RECORDS FOR PROCESSING:

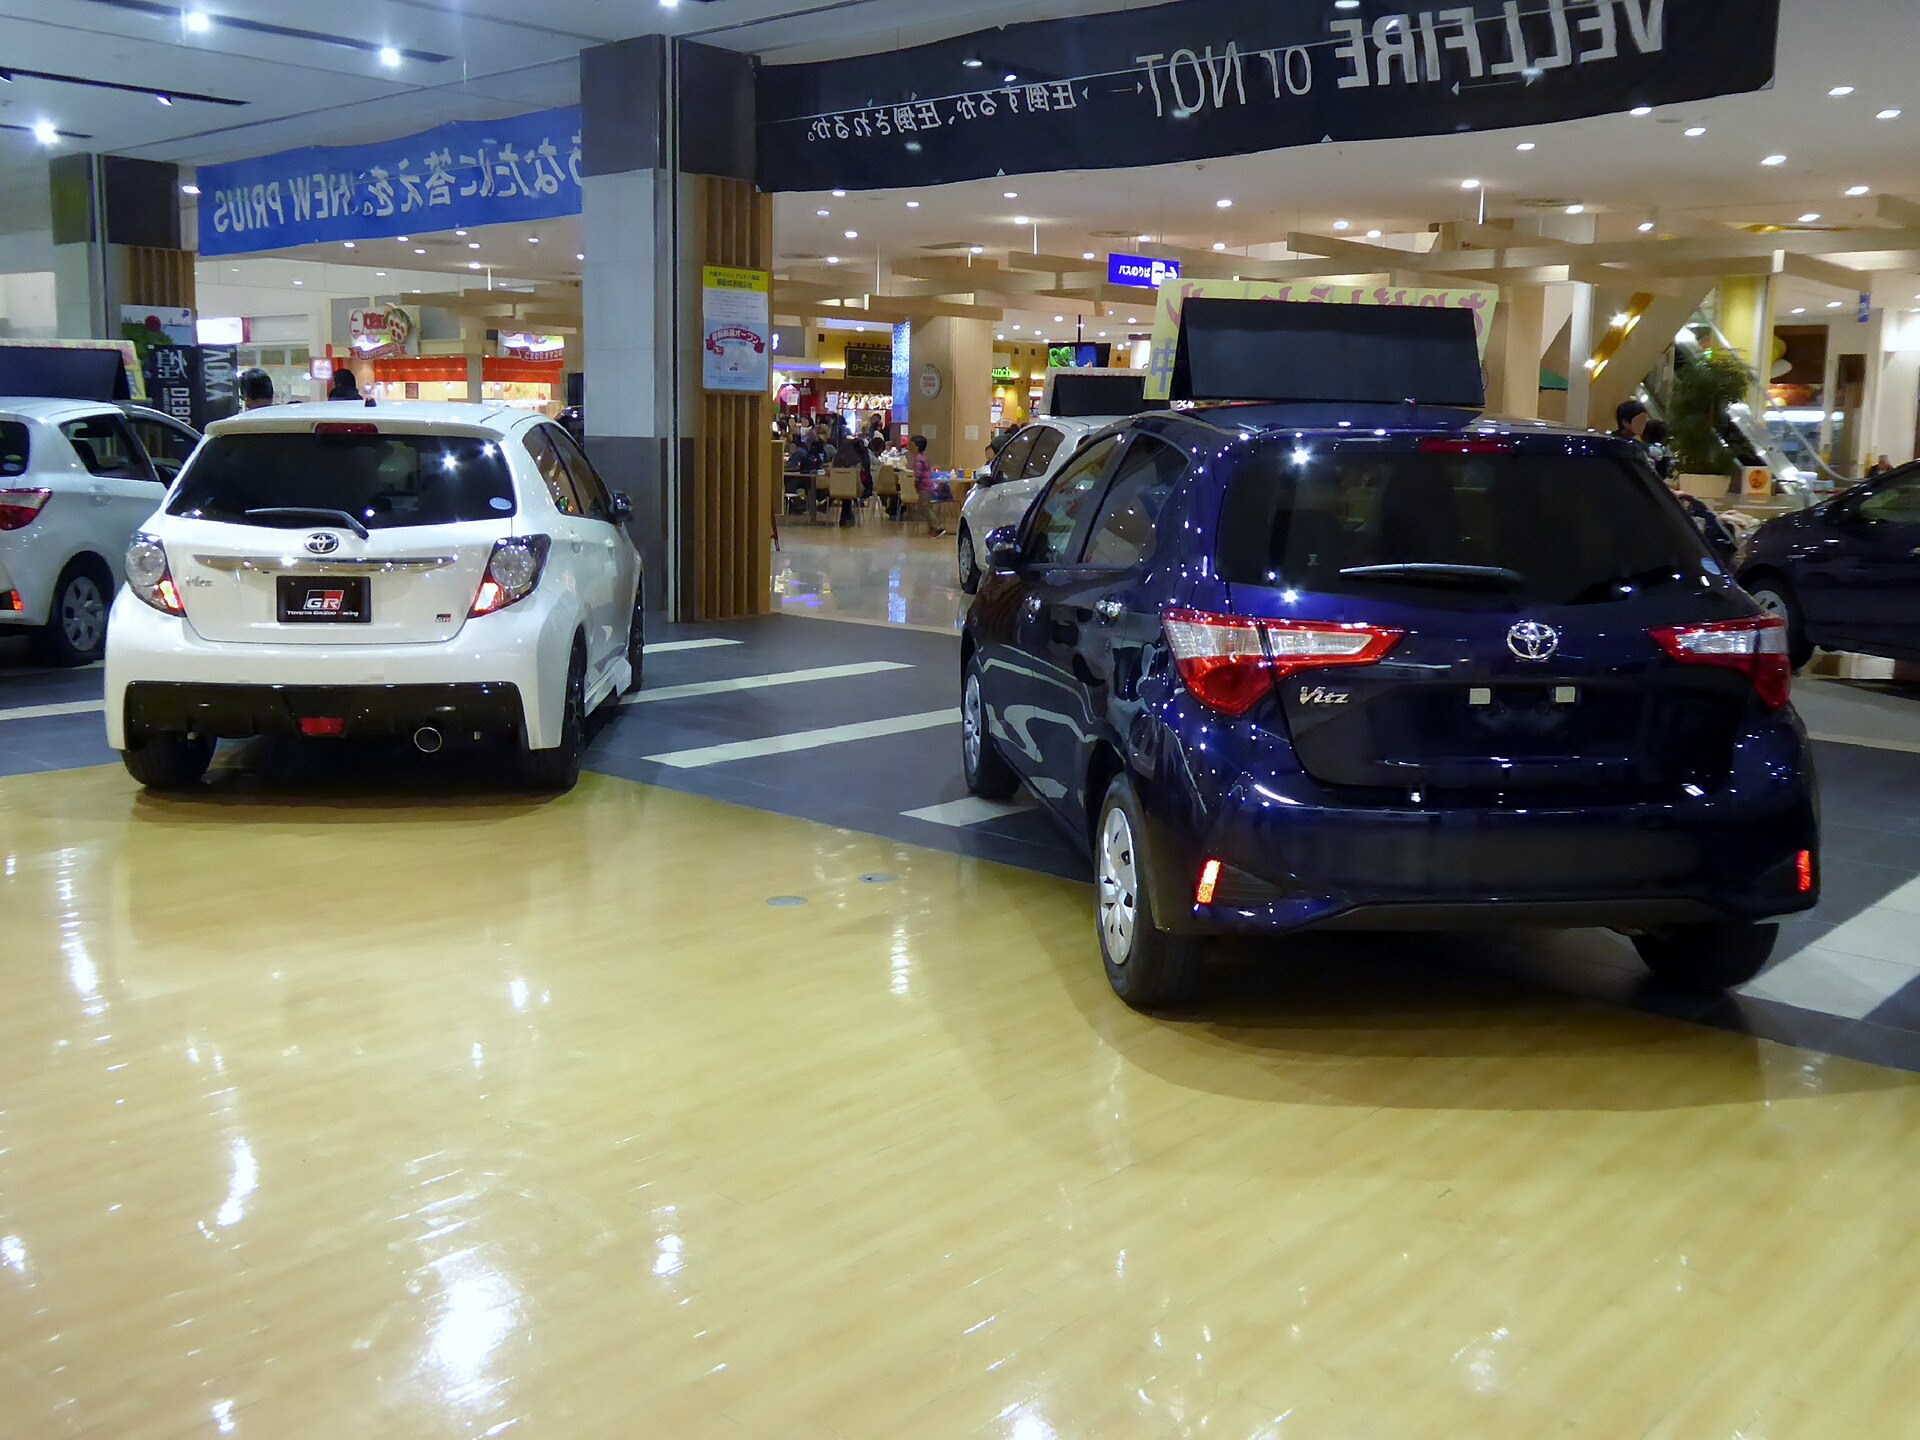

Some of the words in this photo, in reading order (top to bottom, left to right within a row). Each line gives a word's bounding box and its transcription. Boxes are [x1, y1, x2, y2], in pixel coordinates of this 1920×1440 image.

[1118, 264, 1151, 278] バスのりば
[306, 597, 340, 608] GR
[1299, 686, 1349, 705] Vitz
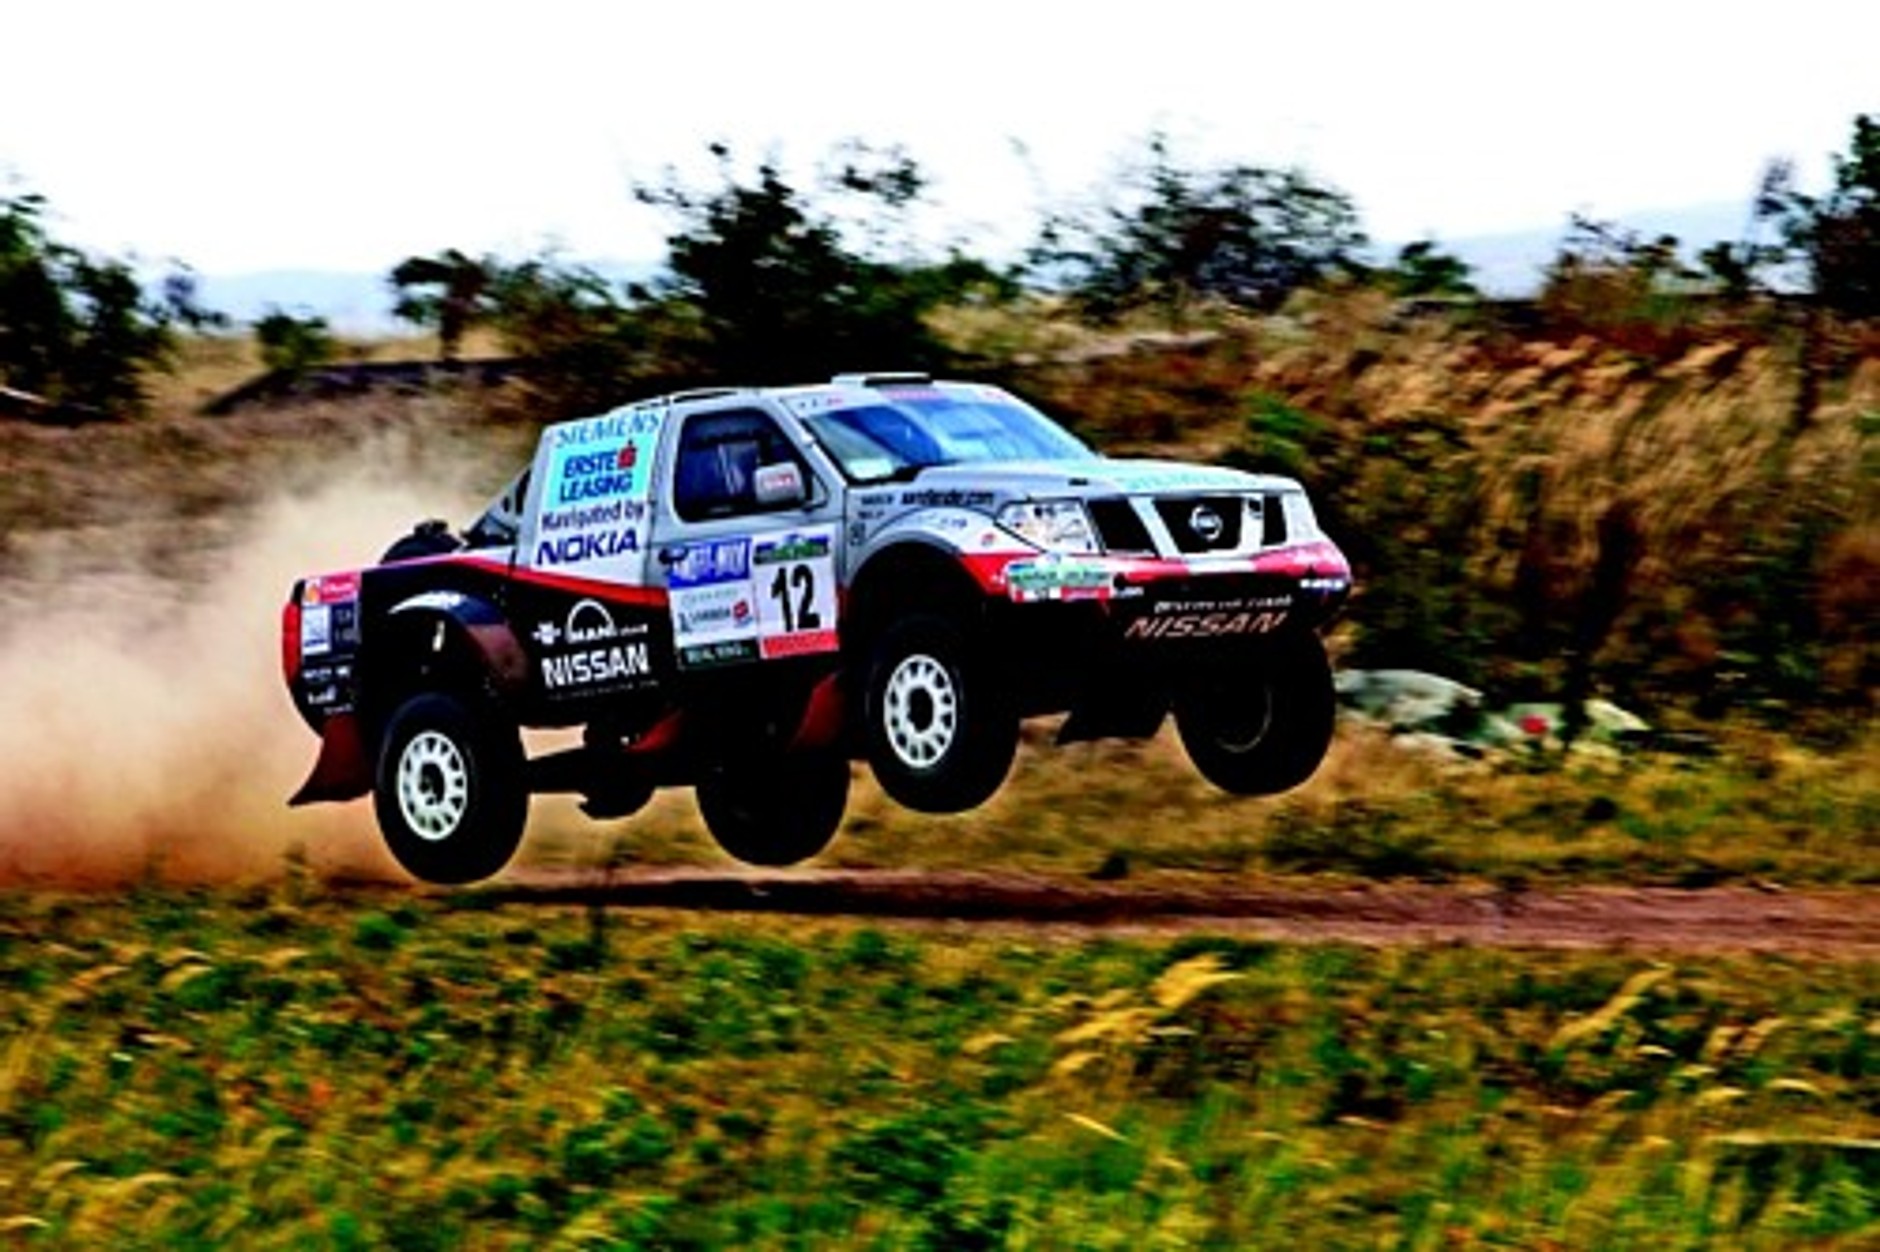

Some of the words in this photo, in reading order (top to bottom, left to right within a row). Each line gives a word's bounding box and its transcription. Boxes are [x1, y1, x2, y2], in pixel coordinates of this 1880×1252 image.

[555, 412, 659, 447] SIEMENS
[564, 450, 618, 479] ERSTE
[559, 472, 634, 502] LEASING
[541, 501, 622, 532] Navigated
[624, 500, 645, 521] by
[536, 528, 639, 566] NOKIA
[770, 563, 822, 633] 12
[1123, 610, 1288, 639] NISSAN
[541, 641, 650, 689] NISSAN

TASK DETAILS: Write out the material exactly as it stands, omitting every picture.

RESULT OF THE TASK:
Some of the words in this photo, in reading order (top to bottom, left to right within a row). Each line gives a word's bounding box and its transcription. Boxes are [x1, y1, x2, y2], in pixel coordinates of this 1920×1440 image.

[1118, 264, 1151, 278] バスのりば
[306, 597, 340, 608] GR
[1299, 686, 1349, 705] Vitz

Some of the words in this photo, in reading order (top to bottom, left to right within a row). Each line gives a word's bounding box and its transcription. Boxes are [x1, y1, x2, y2], in pixel coordinates of this 1880×1252 image.

[555, 412, 659, 447] SIEMENS
[564, 450, 618, 479] ERSTE
[559, 472, 634, 502] LEASING
[541, 501, 622, 532] Navigated
[624, 500, 645, 521] by
[536, 528, 639, 566] NOKIA
[770, 563, 822, 633] 12
[1123, 610, 1288, 639] NISSAN
[541, 641, 650, 689] NISSAN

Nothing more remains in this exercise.